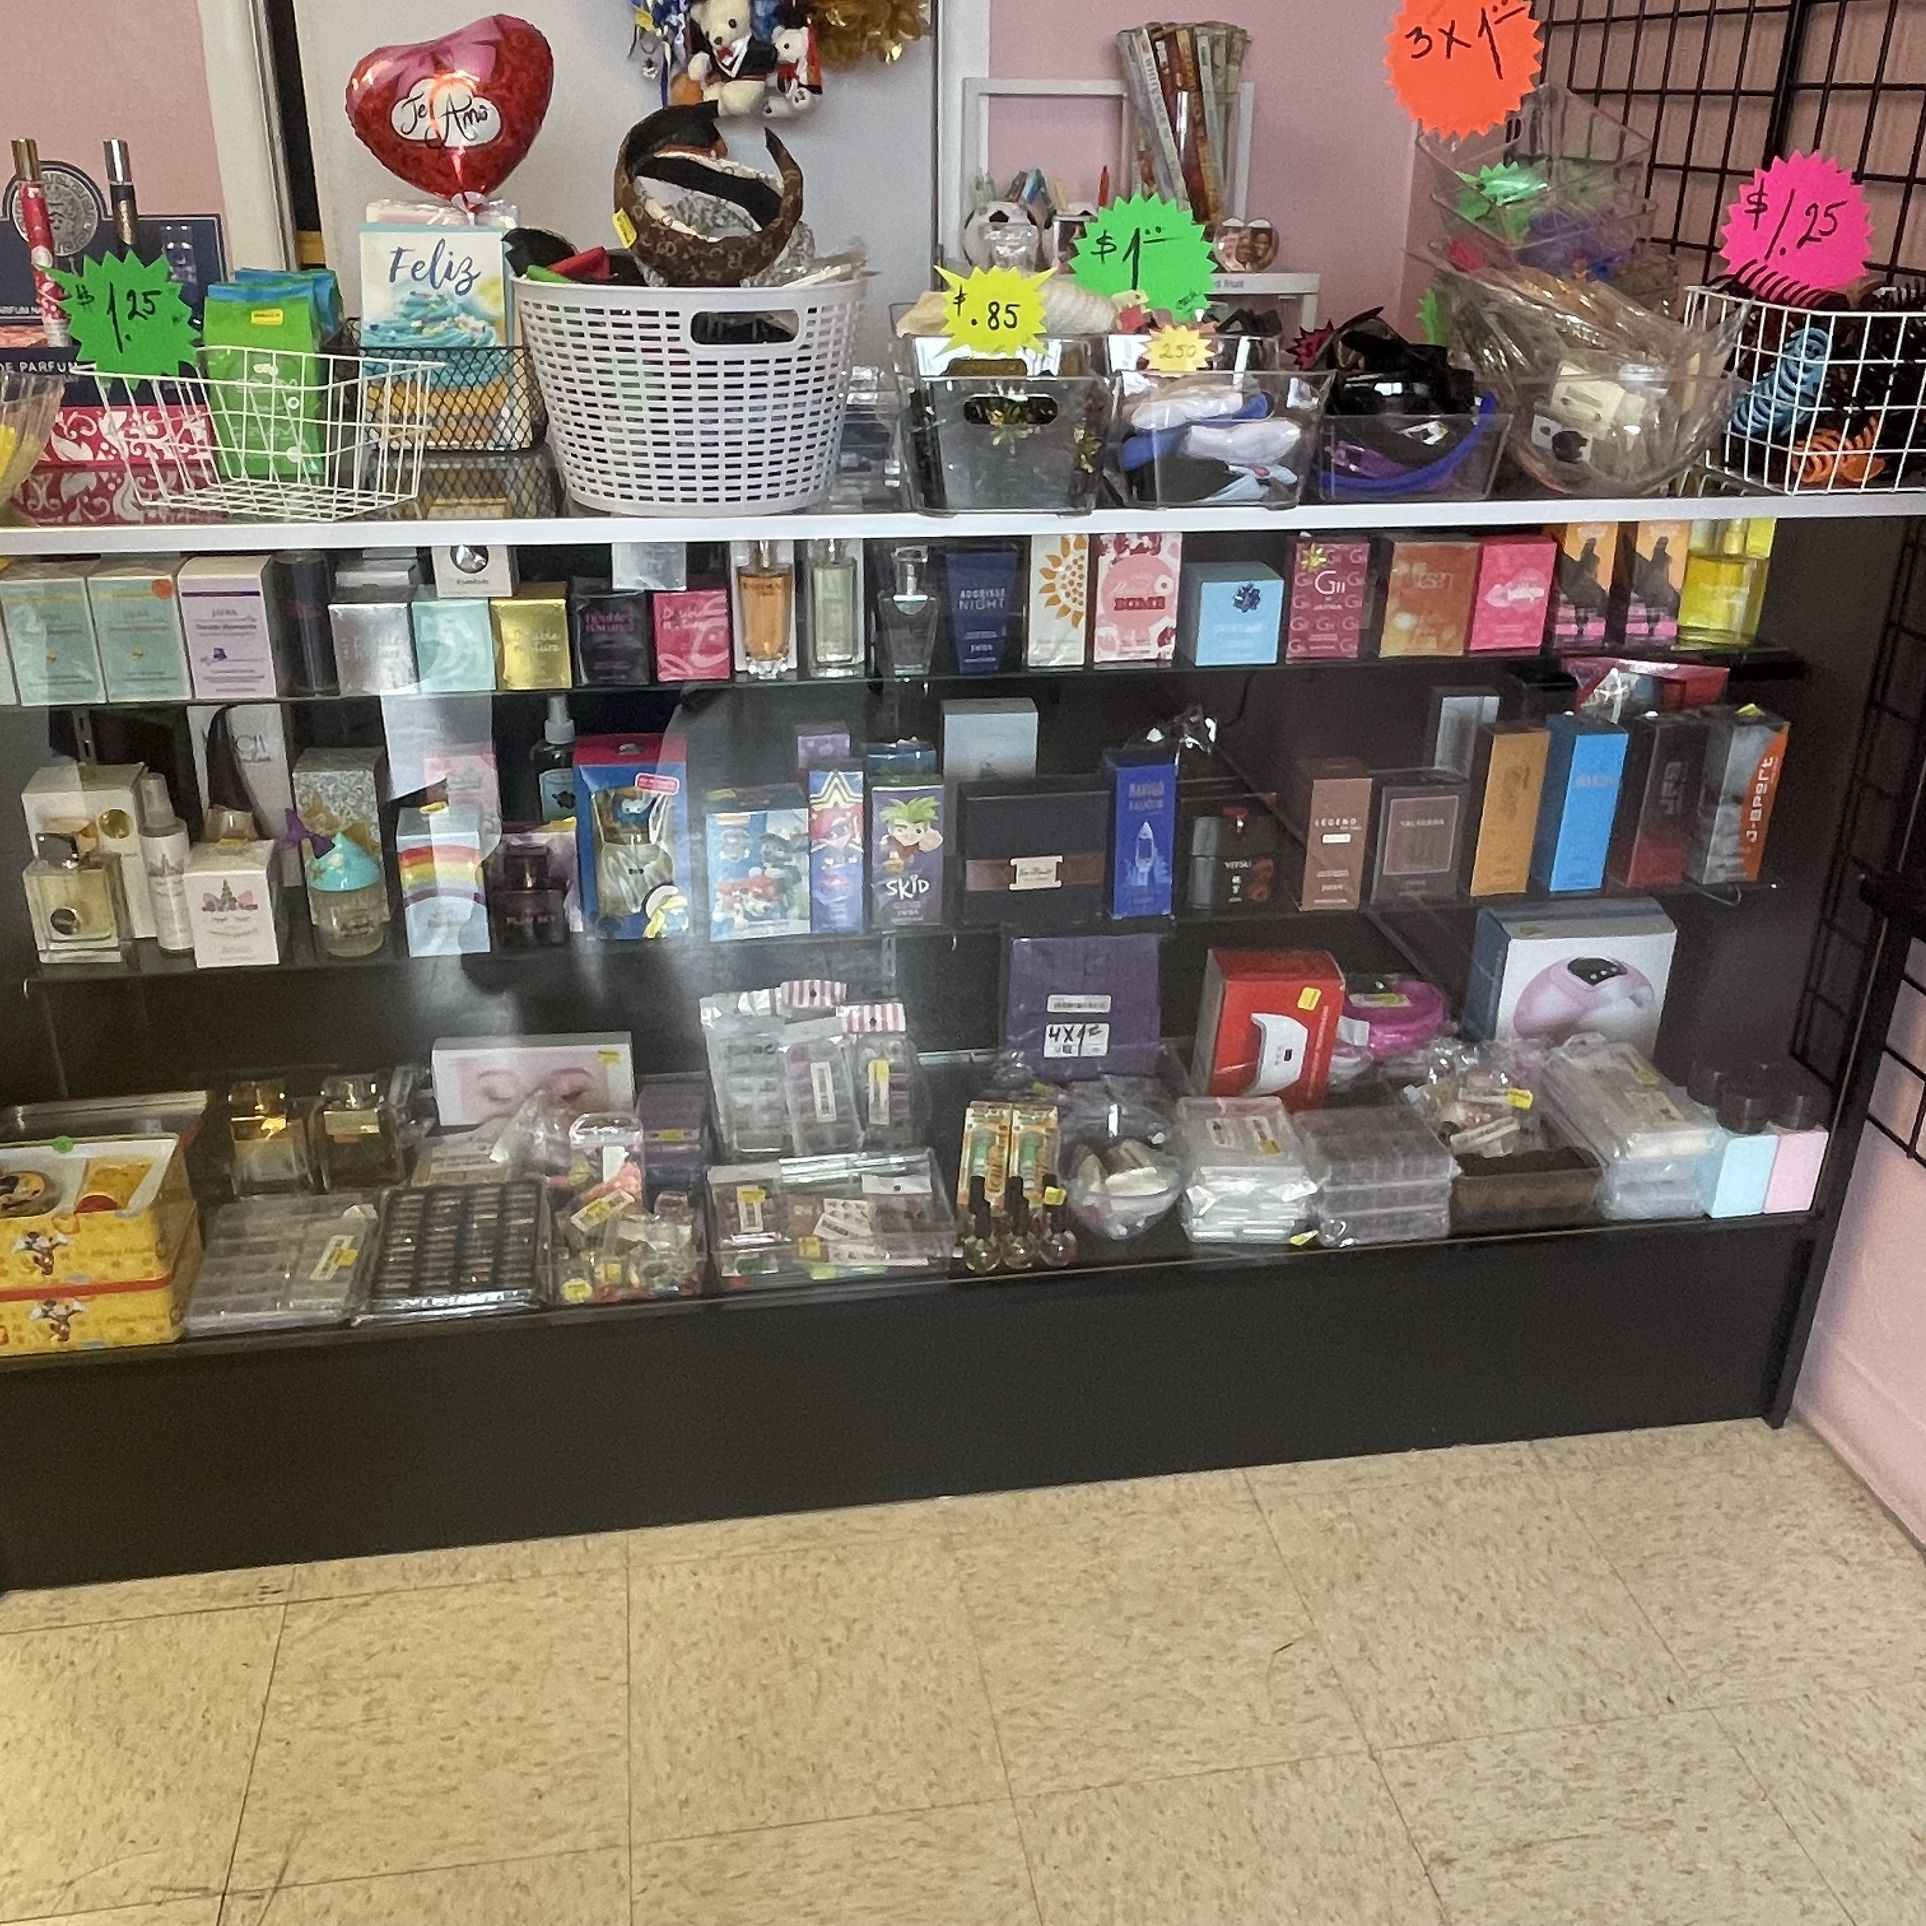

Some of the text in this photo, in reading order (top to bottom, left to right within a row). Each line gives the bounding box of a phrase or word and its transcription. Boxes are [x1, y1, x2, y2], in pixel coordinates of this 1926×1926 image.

[388, 238, 481, 297] Feliz
[959, 599, 1005, 611] NIGHT
[1314, 817, 1357, 828] LEGEND
[886, 874, 930, 900] SKID
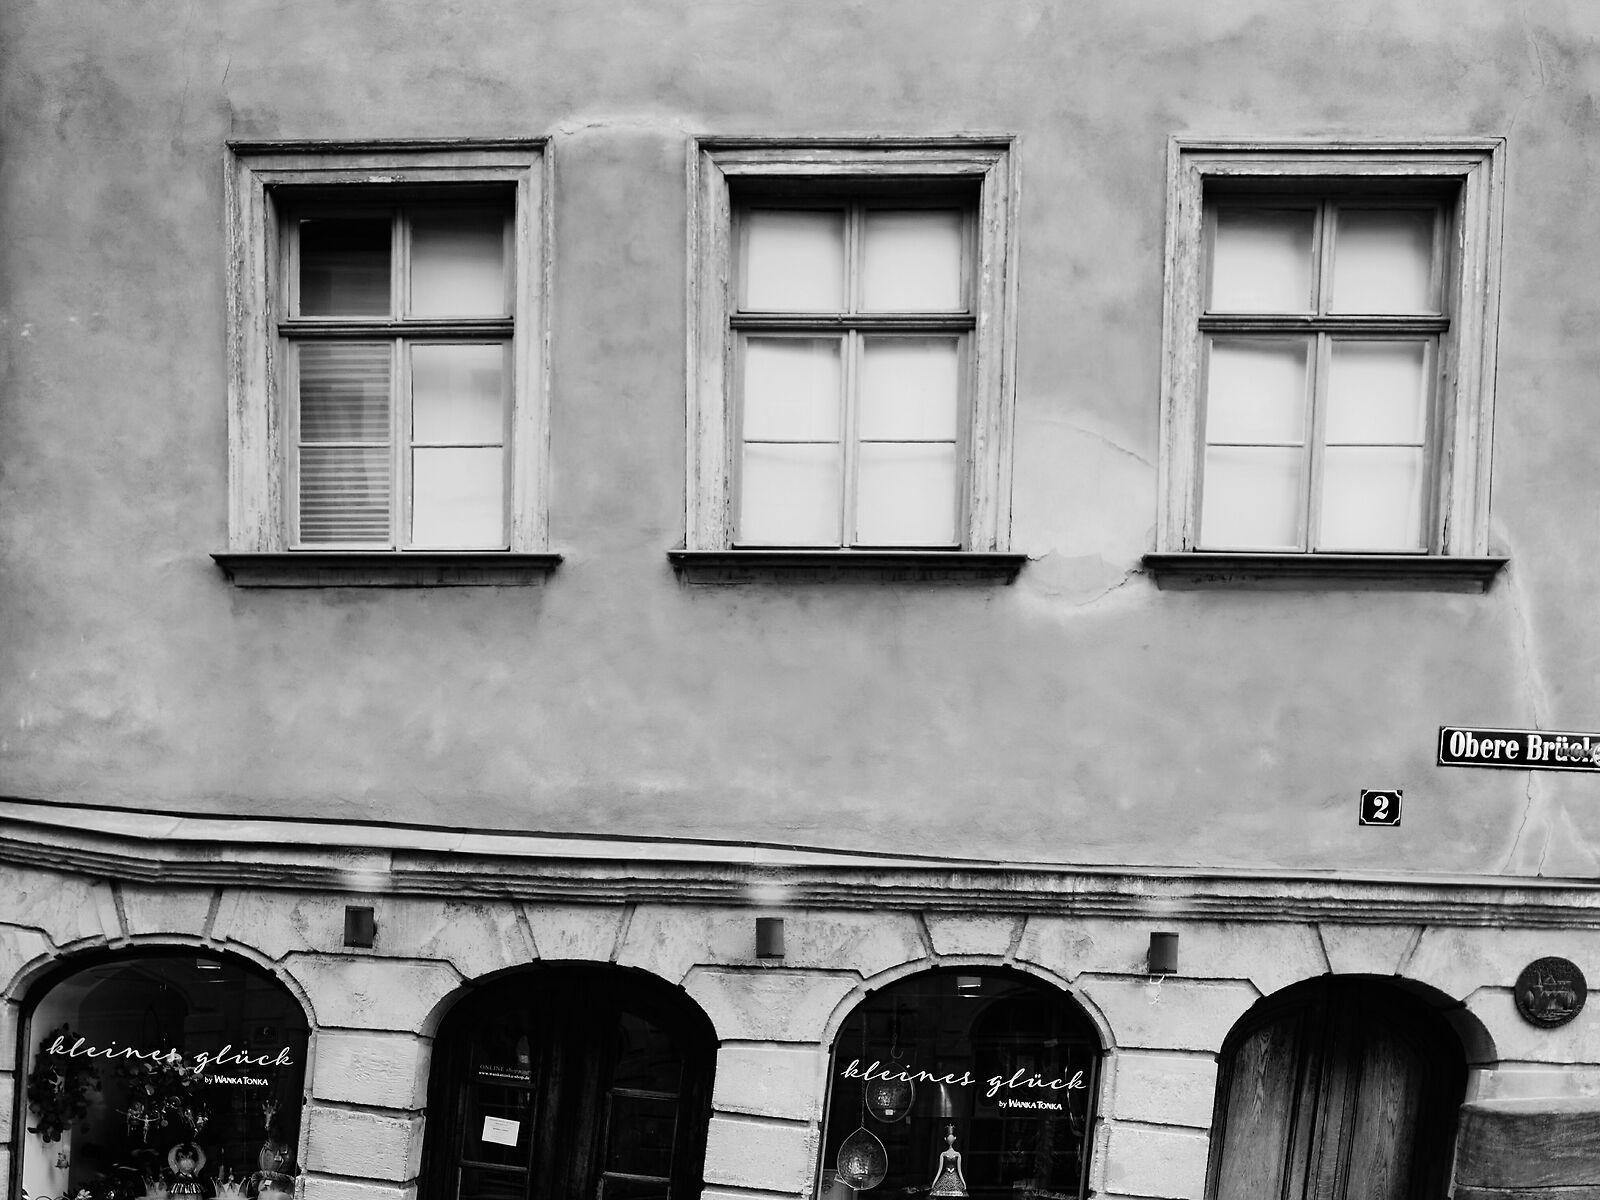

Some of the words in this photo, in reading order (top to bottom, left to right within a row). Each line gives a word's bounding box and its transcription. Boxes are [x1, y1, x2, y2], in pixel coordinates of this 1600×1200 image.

[1450, 731, 1520, 759] Obere
[1373, 795, 1389, 820] 2
[46, 1035, 181, 1063] kleines
[193, 1044, 294, 1074] glück
[204, 1076, 213, 1085] by
[840, 1059, 976, 1087] kleines
[986, 1067, 1087, 1098] glück
[998, 1100, 1008, 1109] by

• • • •

→ YOUR GOAL:
The records above are to be transcribed word for word. Skip the images.

→ RESULT OF THE TASK:
Some of the text in this photo, in reading order (top to bottom, left to right within a row). Each line gives the bounding box of a phrase or word and its transcription. Boxes are [x1, y1, x2, y2], in pixel coordinates of this 1926×1926 image.

[388, 238, 481, 297] Feliz
[959, 599, 1005, 611] NIGHT
[1314, 817, 1357, 828] LEGEND
[886, 874, 930, 900] SKID

Some of the words in this photo, in reading order (top to bottom, left to right within a row). Each line gives a word's bounding box and its transcription. Boxes are [x1, y1, x2, y2], in pixel coordinates of this 1600×1200 image.

[1450, 731, 1520, 759] Obere
[1373, 795, 1389, 820] 2
[46, 1035, 181, 1063] kleines
[193, 1044, 294, 1074] glück
[204, 1076, 213, 1085] by
[840, 1059, 976, 1087] kleines
[986, 1067, 1087, 1098] glück
[998, 1100, 1008, 1109] by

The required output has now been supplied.